Mycetoma, and lymphocutaneous nocardiosis, which are mainly due to N.brasiliensis, are most frequently treated with the association trimethoprim+sulfamethoxazole (TMP-SMZ), because of historical high susceptibility and clinical efficacy, sometimes despite the in vitro indication of strain resistance [1,47]. Most of the N.asteroides complex isolates are also susceptible, as well as N. transvalensis, while N.otitidiscaviarum is resistant both in vitro and in vivo, but is rarely implicated [8,13,15,17]. Beside, severely immunocompromised patients for organ transplants or HIV-infection are frequently intolerant to such therapy, developing skin rash to severe hypersensitivity reaction, persistent myelosuppression and increased concomitant drugs toxicity [1,8]. Minocycline has excellent in vitro activity, and is usually associated with other bactericidal agents, especially TMP-SMZ, for the additional anti-inflammatory activity [70].
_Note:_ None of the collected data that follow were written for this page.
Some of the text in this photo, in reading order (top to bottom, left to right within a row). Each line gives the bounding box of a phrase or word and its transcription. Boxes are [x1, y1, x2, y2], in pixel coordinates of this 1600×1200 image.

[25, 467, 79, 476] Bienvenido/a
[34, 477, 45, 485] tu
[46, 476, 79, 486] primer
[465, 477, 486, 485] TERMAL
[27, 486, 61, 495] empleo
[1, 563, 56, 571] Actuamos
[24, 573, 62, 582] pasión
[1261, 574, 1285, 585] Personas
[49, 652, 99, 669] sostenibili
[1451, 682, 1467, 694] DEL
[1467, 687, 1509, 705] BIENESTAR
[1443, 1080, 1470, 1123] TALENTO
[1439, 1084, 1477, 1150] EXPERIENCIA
Treatment duration is another crucial point, usually extended for several months after complete clinical recover, because of the high numbers of relapses [15]. Antimicrobial resistance might occur in course of initially efficacious treatments, with sudden worsening. Repeated susceptibility testing should be considered, especially in severe or refractory cases.
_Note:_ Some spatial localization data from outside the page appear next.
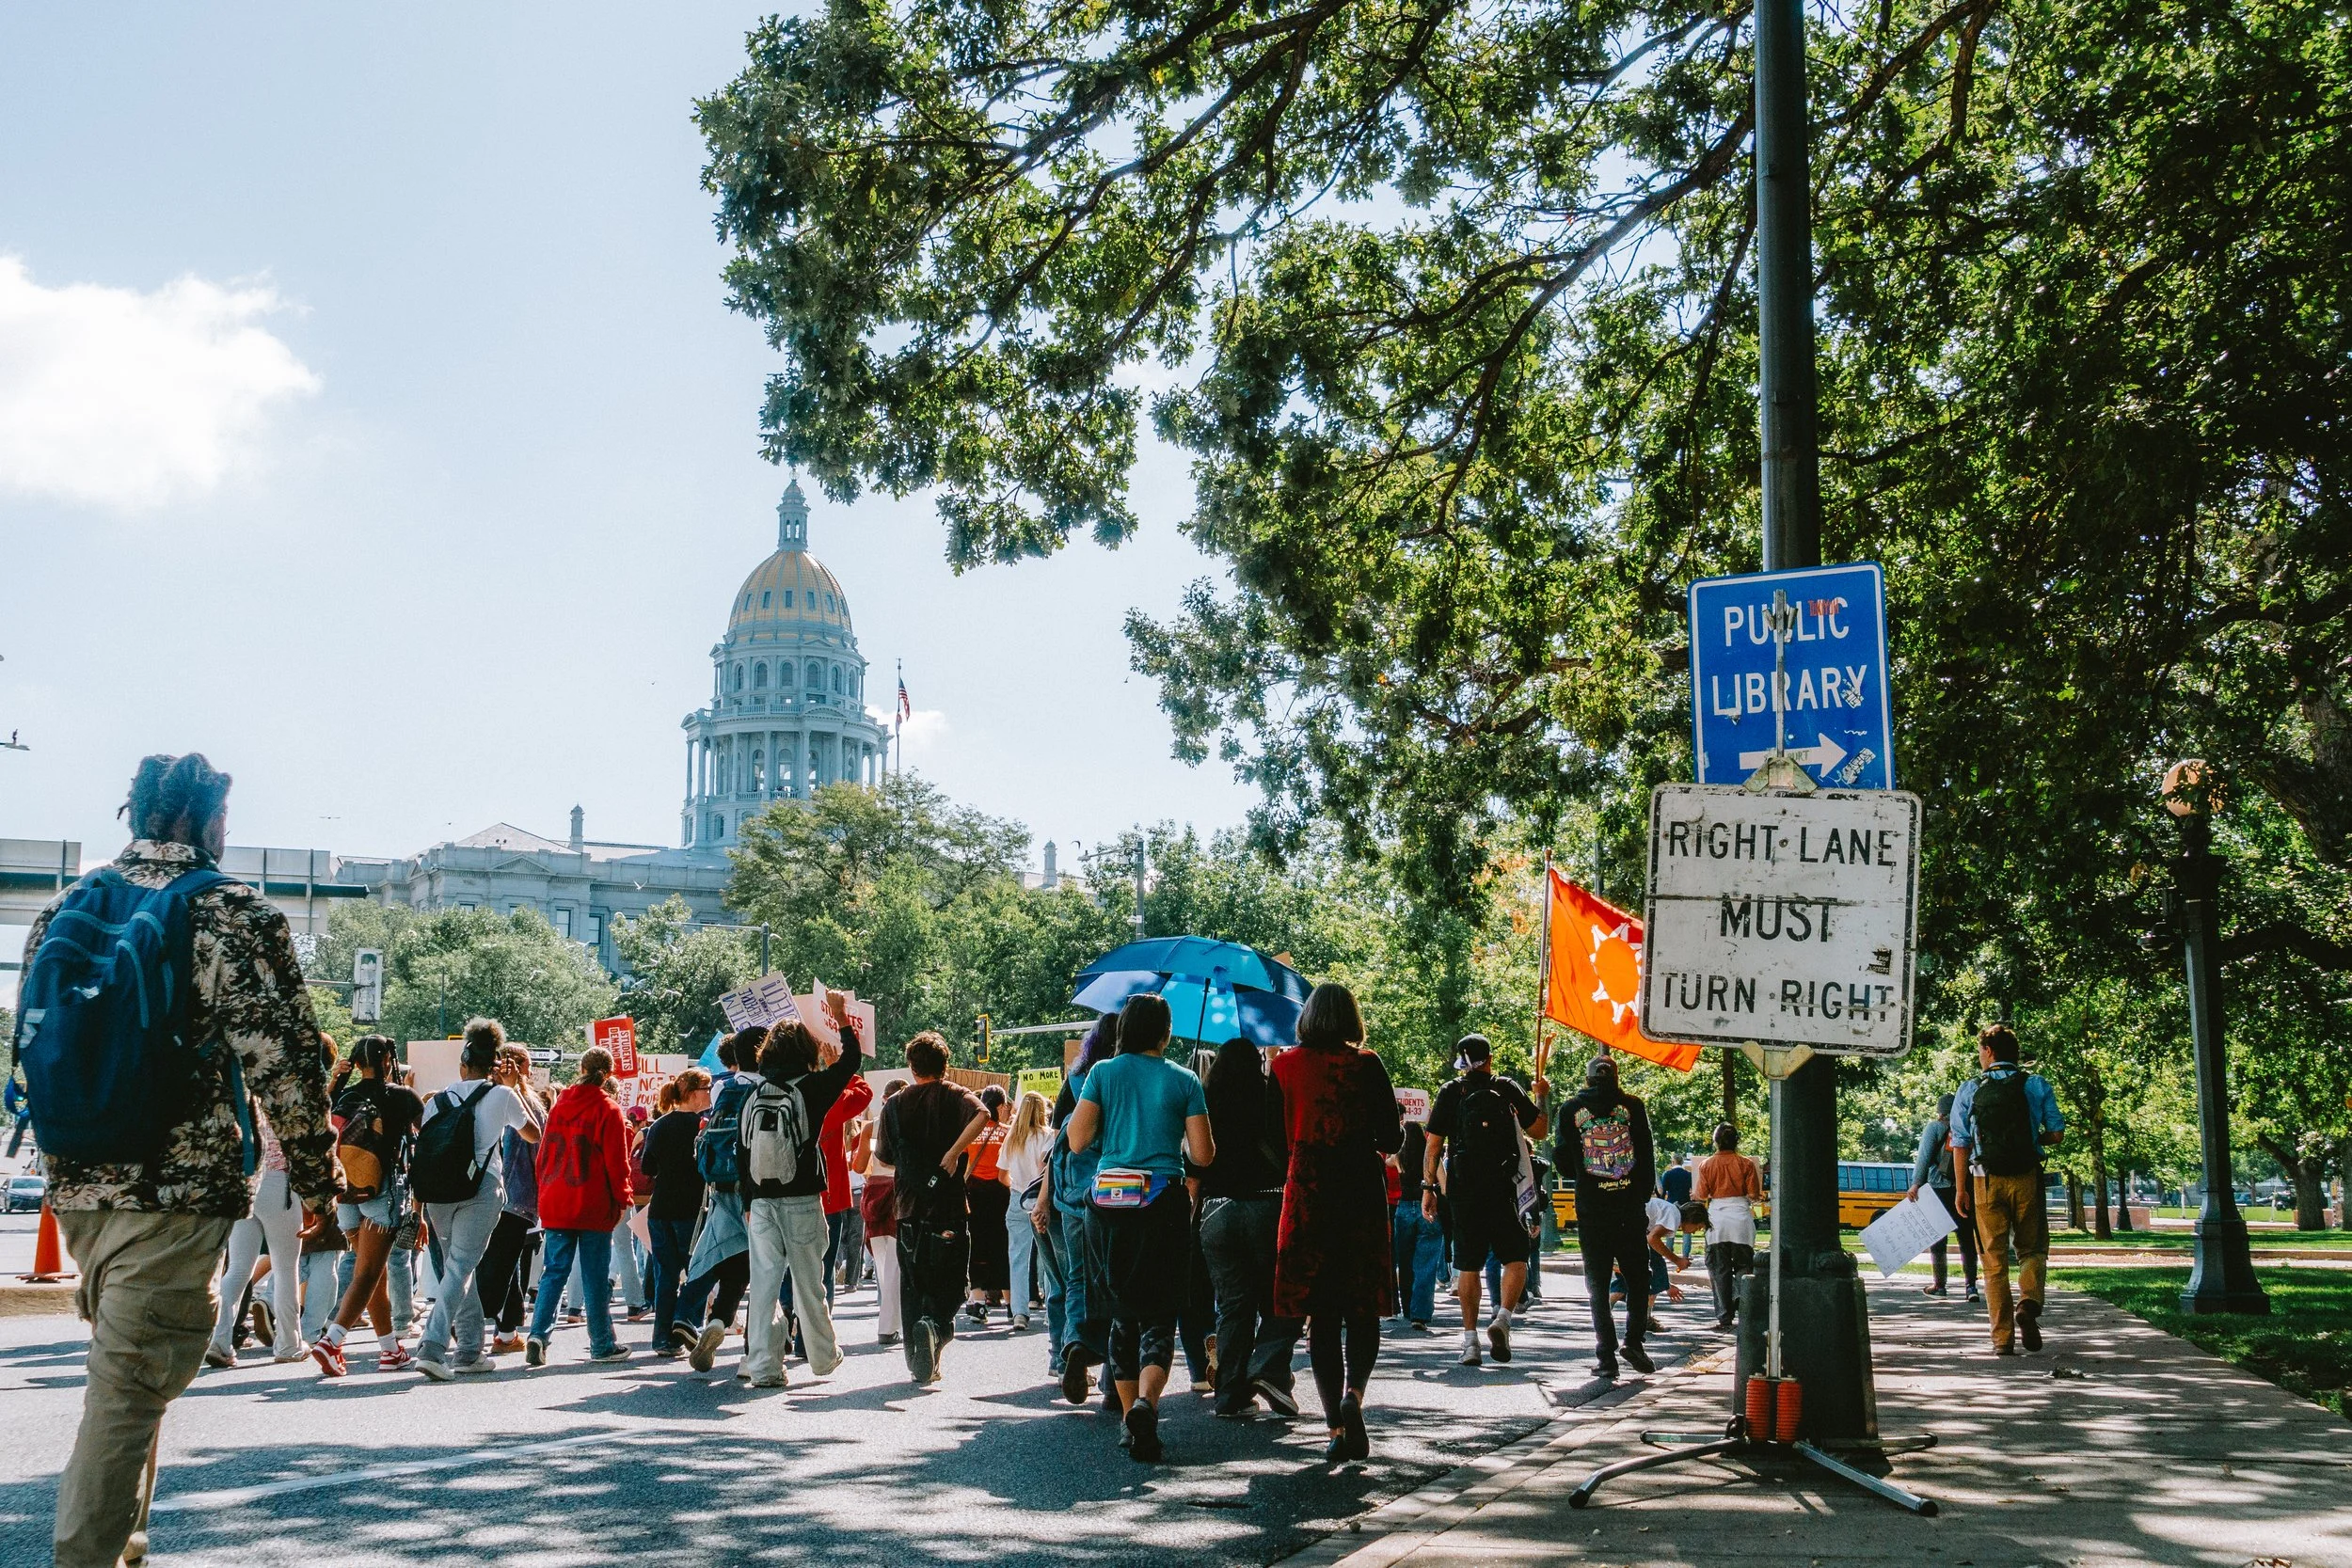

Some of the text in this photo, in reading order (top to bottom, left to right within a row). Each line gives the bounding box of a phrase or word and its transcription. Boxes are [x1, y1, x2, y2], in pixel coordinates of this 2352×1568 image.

[1712, 665, 1867, 716] LIBRARY
[1669, 821, 1897, 866] RIGHT LANE
[1720, 892, 1838, 942] MUST
[1661, 973, 1894, 1022] TURN RIGHT
[610, 1028, 621, 1058] DEMAND
[621, 1031, 632, 1069] STUDENTS
[639, 1057, 666, 1074] ILL
[1023, 1070, 1058, 1082] NO MORE
[1396, 1098, 1425, 1107] TUDENTS
Superficial skin infection, as well as mycetoma severe or refractory cases might require wide spectrum antibiotics, also considering the possibility that lesions are part of a disseminated nocardiosis, before all assessment have been performed. Animal models and in vitro data attest imipenem and amikacin superior activity compared with TMP-SMZ and also synergistic effects combing the 3 drugs, but parenteral administration requires hospital settings or expensive out-patient facilities, not affordable for long-term treatment. Limited activity in vitro is suggested for fluoroquinolones, although clinical experiences found it successful in long-term combinations regimens [8,42]. Thus, clinician’s decisions should be guided by the single patient conditions:
i. Mild to moderate infections should initiate with oral TMP-SMZ alone or in association with minocycline. When sulfonamides are contra-indicated, ampicillin-clavulanic or fluoroquinolone preparations can be administered. If the clinical response is slow, a parenteral therapy should be considered, but usually at that time individual antimicrobial susceptibility results are ready to consultation.
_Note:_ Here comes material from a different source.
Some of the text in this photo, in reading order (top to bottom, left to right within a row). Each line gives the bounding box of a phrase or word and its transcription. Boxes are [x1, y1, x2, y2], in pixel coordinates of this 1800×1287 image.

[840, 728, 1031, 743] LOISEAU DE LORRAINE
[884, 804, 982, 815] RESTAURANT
ii. Very severe patients require parenteral therapy from the very beginning, with a combination of imipemen/meropenem; amikacin; cephalosporins or linezolide for 3-6 weeks, than switching to oral preparations if improvement or on the basis of AST results.
iii. Treatment failure can occur for sequestered abscesses and persistent fibrotizing soft tissues inflammation, demarcating the mycetomas, and requiring additional drainage or surgical procedures [28]. Secondary or coexistent infections might complicate the course of skin lesions, especially in the compromised hosts [11].